* **PROBLEM TO WORK ON**
Since pictures do not belong in the copy, please repeat every record below exactly without them.
GIVEN RECORDS Block Start
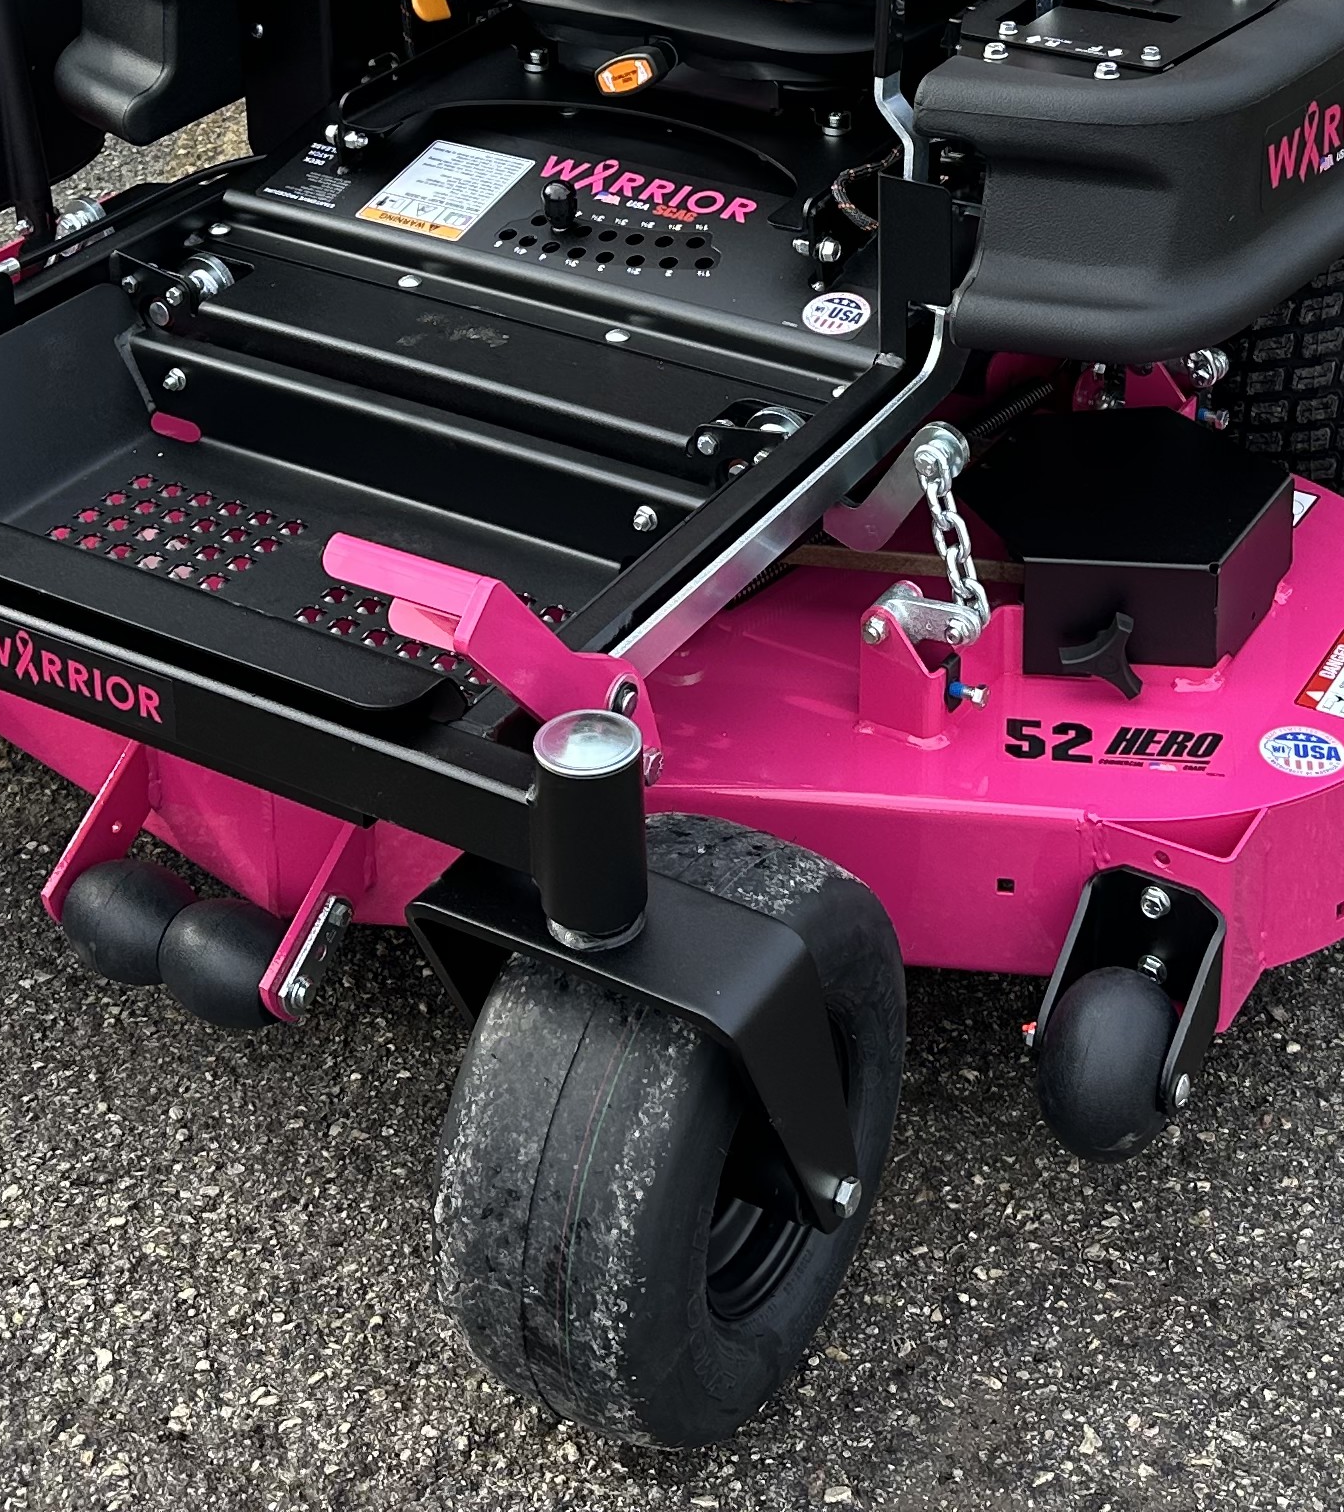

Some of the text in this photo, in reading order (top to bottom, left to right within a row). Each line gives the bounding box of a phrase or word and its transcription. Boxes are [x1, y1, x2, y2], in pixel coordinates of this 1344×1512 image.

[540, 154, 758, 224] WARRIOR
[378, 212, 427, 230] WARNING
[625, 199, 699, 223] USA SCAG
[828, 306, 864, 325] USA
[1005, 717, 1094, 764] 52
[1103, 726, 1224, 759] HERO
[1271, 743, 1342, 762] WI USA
GIVEN RECORDS Block End
* **WRITTEN RESPONSE**
Some of the text in this photo, in reading order (top to bottom, left to right within a row). Each line gives the bounding box of a phrase or word and its transcription. Boxes are [x1, y1, x2, y2], in pixel coordinates of this 1344×1512 image.

[540, 154, 758, 224] WARRIOR
[378, 212, 427, 230] WARNING
[625, 199, 699, 223] USA SCAG
[828, 306, 864, 325] USA
[1005, 717, 1094, 764] 52
[1103, 726, 1224, 759] HERO
[1271, 743, 1342, 762] WI USA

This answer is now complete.